The Daleks, who don't believe the Doctor is dead, find him and bring him, along with the now-split up Rory and Amy, to the Parliament of the Daleks, which makes for a good visual but very little sense. It appears to be an excuse to include every Dalek design they could get their hands on and I will wave it away as a name that doesn't quite mean what we would think "Parliament" means.

They have an Asylum planet where they keep the Daleks who are so crazy that they scare even the other Daleks. This is a neat concept but really doesn't fit in with anything established about Daleks and their sense of purity. Especially given that the rise of the iDaleks hinged on that point and was the last time we saw them.

An Earth cruiser from some unidentified time point has crashlanded on the planet, despite the impenetrable forcefield. A survivor (who has lived for a year hiding in a sealed off area and baking soufflees) is broadcasting signals out. The Daleks are afraid the crazy Daleks will find a way to escape, since the force field has been breached in some way. They need the Doctor to go down and stop the threat by bringing down the force field so the Daleks can bombard the planet.

No, don't think to hard about the logic of the plot, that will only get in the way.

The Doctor has four tasks:
  1. Find and save the crashed survivor, Oswin.
  2. Eliminate the threat of the Asylum inmates escaping and running rampant across the universe.
  3. Escape/Defeat the Daleks who captured him and are ready to bomb the planet.
  4. Fix Rory and Amy's marriage.

Yes, we are supposed to care about the last one. Yes, it's an excuse to have another argument over which one has done more sacrifices for the other because they have bad communication skills. Yes, they manage to overcome some Dalek technology with the power of their love because Dalek tech seems to be belief-powered ever since Moffatt took over.

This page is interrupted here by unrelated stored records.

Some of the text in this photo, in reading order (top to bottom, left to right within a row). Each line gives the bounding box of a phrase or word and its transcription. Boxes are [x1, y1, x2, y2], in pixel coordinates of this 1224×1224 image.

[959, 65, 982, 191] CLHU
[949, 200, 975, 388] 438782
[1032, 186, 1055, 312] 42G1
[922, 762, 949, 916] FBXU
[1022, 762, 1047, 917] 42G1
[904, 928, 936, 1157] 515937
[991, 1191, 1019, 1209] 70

Oswin was kind of fun, although clearly meant to be "the hot nerd girl all the nerds will be hot for" with a touch of Manic Pixie thrown in. The plot involving her seemed incredibly obvious, but I gather that's because I *don't* read spoilers. Had I known more of what had been leaked, it is possible I would have been fooled. Pro tip, plots that depend on the audience knowing spoilers to be effective are not effective. (Although I do kind of appreciate trolling your fans sometimes.)

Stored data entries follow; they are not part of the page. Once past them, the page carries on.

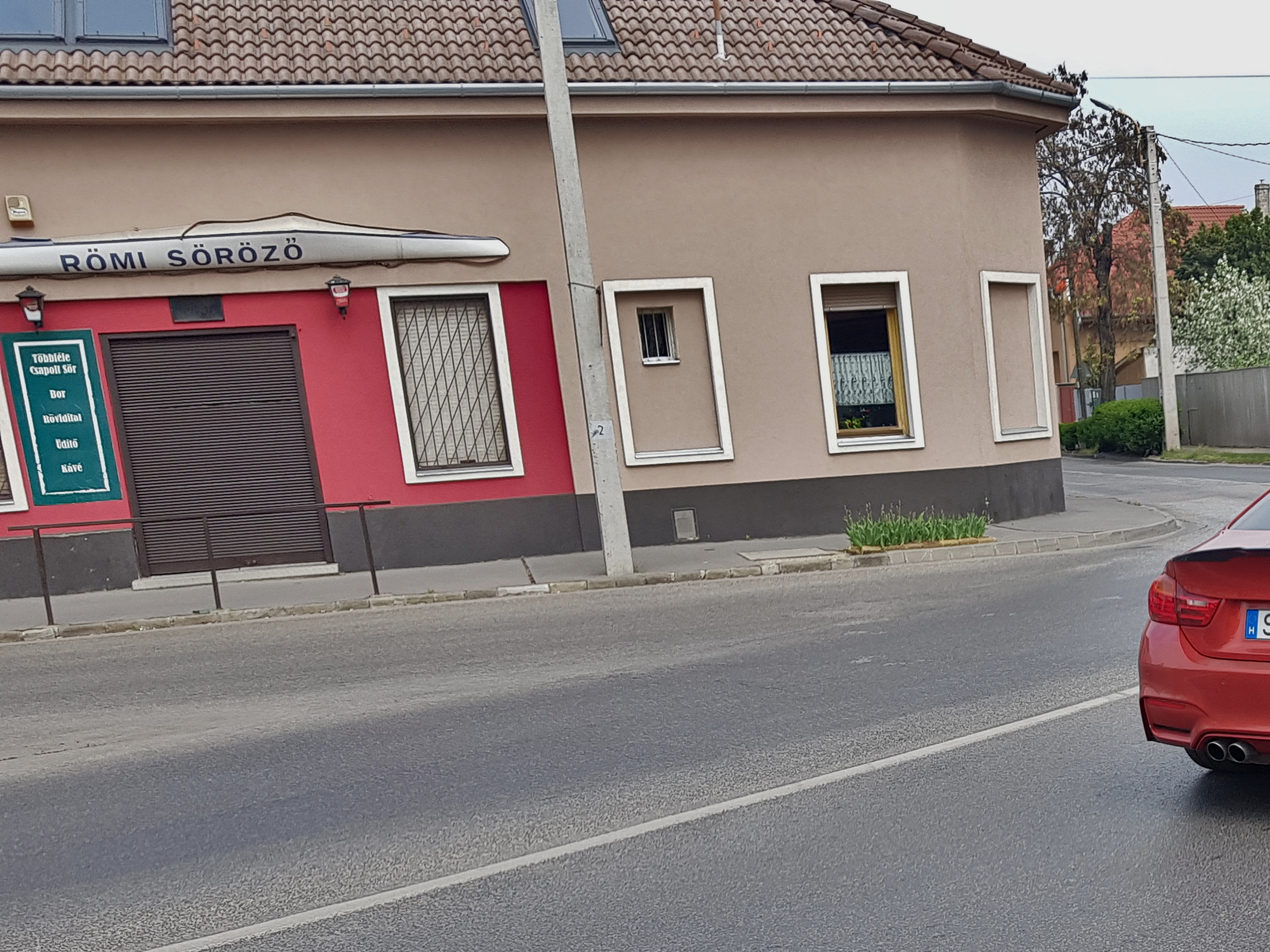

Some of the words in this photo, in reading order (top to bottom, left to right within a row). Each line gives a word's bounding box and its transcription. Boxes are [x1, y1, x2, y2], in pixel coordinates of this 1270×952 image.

[59, 248, 148, 272] RÖMI
[167, 238, 303, 268] SÖRÖZŐ
[49, 389, 66, 399] Bor
[61, 462, 83, 473] Kávé
[1248, 626, 1255, 635] H

I was recently told that the estate of Terry Nation and the BBC reached a deal in which the Daleks must appear once a season in Doctor Who. "Contractually Obligated Dalek Episode" may just suffice to sum up the Dalek presence here. There was one nice addition to the Dalek repertoire here, and some of the broken Asylum Daleks were interestingly done. I can imagine someone writing a decent Dalek episode again some time in the future, but it would really help if they could break that contract and drop them for more than a couple of years minimum.

Smith stays camera-muggingly charming and that does help the show stay watchable, while the sooner the Ponds get off our screen the better. Endless re-hashes of their pointless relationship angst is just grating. Clearly you have nothing further interesting to do with them, so get them away.

All in all a weak start that doesn't bode well for the rest of the series and implies the slap-dash storytelling Moffat's run has become known for will continue. The "Everyone thinks the Doctor is Dead" bit looks like it will be remembered when convenient, if at all, although I can see some arguing that the closing scene with the Daleks is actually a hint that the whole "First Question" thing will be a story arc this season despite our fervent hopes.

Still, the next episode has dinosaurs on a spaceship, so that might be fun.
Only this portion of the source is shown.